Additionally, it's not really shared ownership that causes problems; it's the fact that references (and pointers) make it possible to violate ownership semantics. References are used all the time in C++, and you can't use any libraries without them. It doesn't matter if data has a single owner if that owner is deleted and you still hold references to the data. In fact, shared ownership via shared_ptr is safer than unique_ptr, from a UAF point of view.
Shared ownership makes it much harder to reason about lifetimes, increasing the chance of mistakes.
> shared ownership via shared_ptr is safer than unique_ptr, from a UAF point of view.
Only if the dereferencing code holds the shared_ptr. It's also common to pass non-owning pointers to objects held by shared_ptr.
> When people use the delete operator manually and mess up, do they usually delete objects too early or too late?
As you pointed out, problems arise if objects are deleted too early or twice. Double free is common in C and can be exploited as well...
Well if it isn't getting any safer than the time-disproven technique of relying on human behaviour and there are automatically safer alternatives, then it is less safe than those alternatives.
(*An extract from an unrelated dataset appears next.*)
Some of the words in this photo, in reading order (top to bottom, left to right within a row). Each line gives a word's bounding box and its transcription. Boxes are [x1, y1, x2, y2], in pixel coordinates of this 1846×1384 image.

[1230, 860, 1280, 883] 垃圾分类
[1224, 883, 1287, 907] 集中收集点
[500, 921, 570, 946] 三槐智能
Modern C++ is safer, but only if you can ensure everyone on the team never reaches for C style tricks, nor the libraries that you link against.
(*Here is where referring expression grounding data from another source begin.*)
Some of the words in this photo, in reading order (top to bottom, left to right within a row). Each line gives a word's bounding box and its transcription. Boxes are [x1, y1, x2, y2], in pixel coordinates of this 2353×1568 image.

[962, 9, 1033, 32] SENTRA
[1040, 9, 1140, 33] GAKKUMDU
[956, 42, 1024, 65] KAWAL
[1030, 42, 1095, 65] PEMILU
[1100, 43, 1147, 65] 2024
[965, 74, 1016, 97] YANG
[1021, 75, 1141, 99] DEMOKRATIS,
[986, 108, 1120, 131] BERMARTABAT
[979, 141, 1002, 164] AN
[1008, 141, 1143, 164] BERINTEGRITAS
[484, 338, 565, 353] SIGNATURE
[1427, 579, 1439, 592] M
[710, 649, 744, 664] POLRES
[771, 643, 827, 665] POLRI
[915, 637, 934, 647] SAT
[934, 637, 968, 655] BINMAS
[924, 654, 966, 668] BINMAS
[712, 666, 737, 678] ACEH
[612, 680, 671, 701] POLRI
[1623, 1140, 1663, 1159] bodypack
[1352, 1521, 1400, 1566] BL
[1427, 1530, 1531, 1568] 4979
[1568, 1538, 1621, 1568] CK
Additionally, that example doesn't seem to be a resource leak in the sense of a memory leak. The exact same problem occurs if the file description is purposefully used after the 'system' call (that is, it isn't being leaked by not being used again). That's an issue more with 'system'/'fork' implicitly inheriting file descriptors than a resource being leaked.
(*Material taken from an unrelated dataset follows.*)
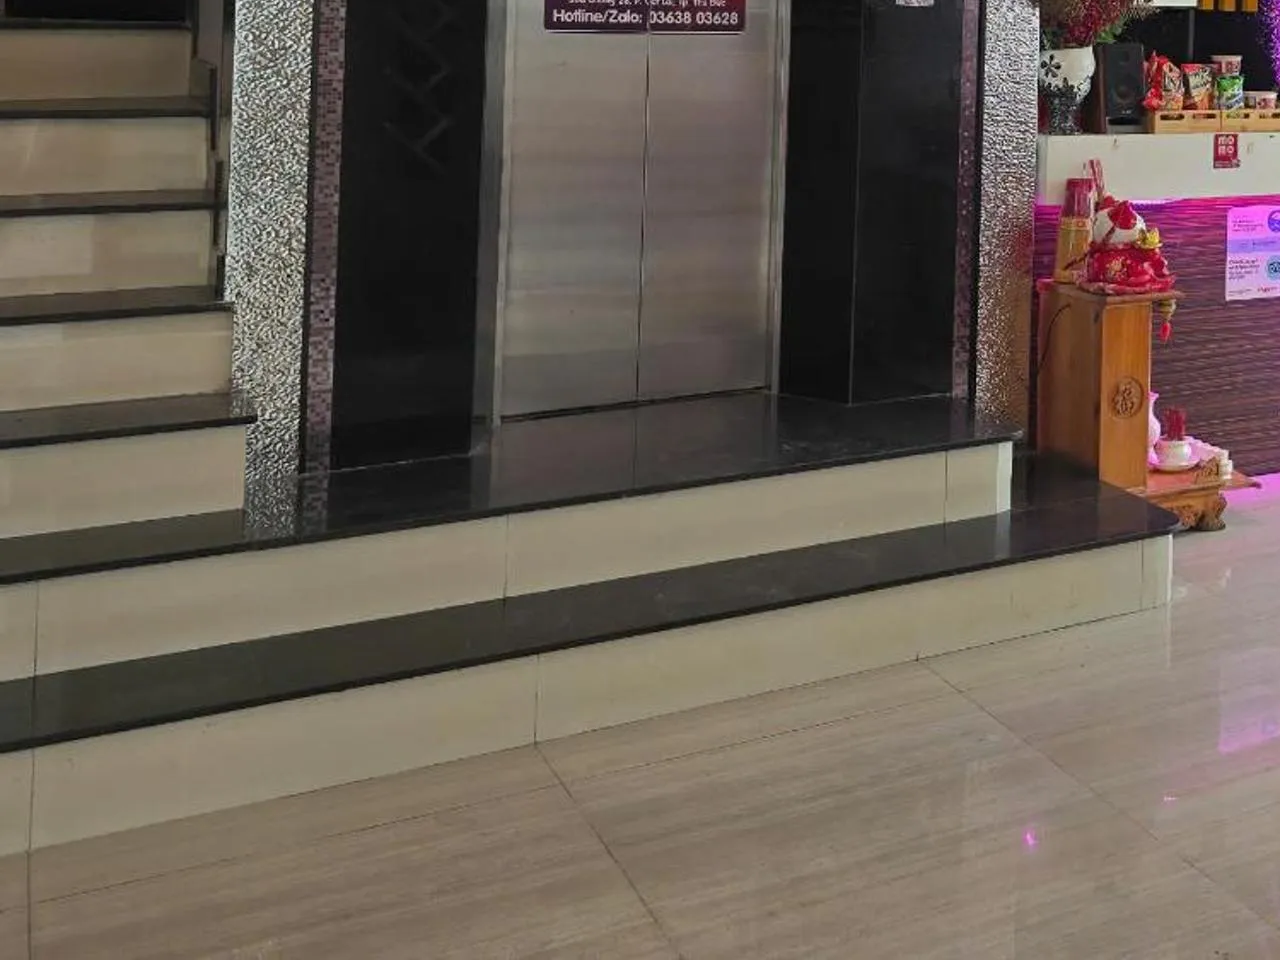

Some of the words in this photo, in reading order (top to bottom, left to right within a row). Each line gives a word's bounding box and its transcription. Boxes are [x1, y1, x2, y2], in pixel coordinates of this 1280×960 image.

[553, 9, 642, 24] Hotline/Zalo:
[649, 11, 691, 24] 03638
[696, 12, 738, 25] 03628
Also note that Rust has contained a mitigation for that issue for a long time now: https://github.com/rust-lang/rust/pull/24034
> - during the GSubprocess discussion, I originally held the opposite
opinion, but eventually became convinced (by Colin) to see the
inherit-by-default behaviour of exec() as nothing more than a
questionable implementation detail of the underlying OS. Consequently,
at the high level, GSubprocess provides an API that gives the caller
direct control over what is inherited and what is not, and that's just
the way that it should be.
> - this behaviour is not limited to GSubprocess. Closing all fds before
calling exec() is a common practice in modern libraries and runtimes,
and for good reason.
That's silly. The standard library of new systems programming languages should do the safe thing, not inherit all the mistakes of the OS that the OS can't fix due to backwards compatibility. If Unix were being designed today, I am certain O_CLOEXEC would have been the default. Besides, Rust's behavior matches what happens on Windows, and cross-platform consistency in the standard library is desirable.
In any case, what glib does matches what the Rust standard library does. The latter uses posix_spawn() directly in order to make sure no file descriptors are passed between parent and child. There is an API available to request file descriptor sharing explicitly.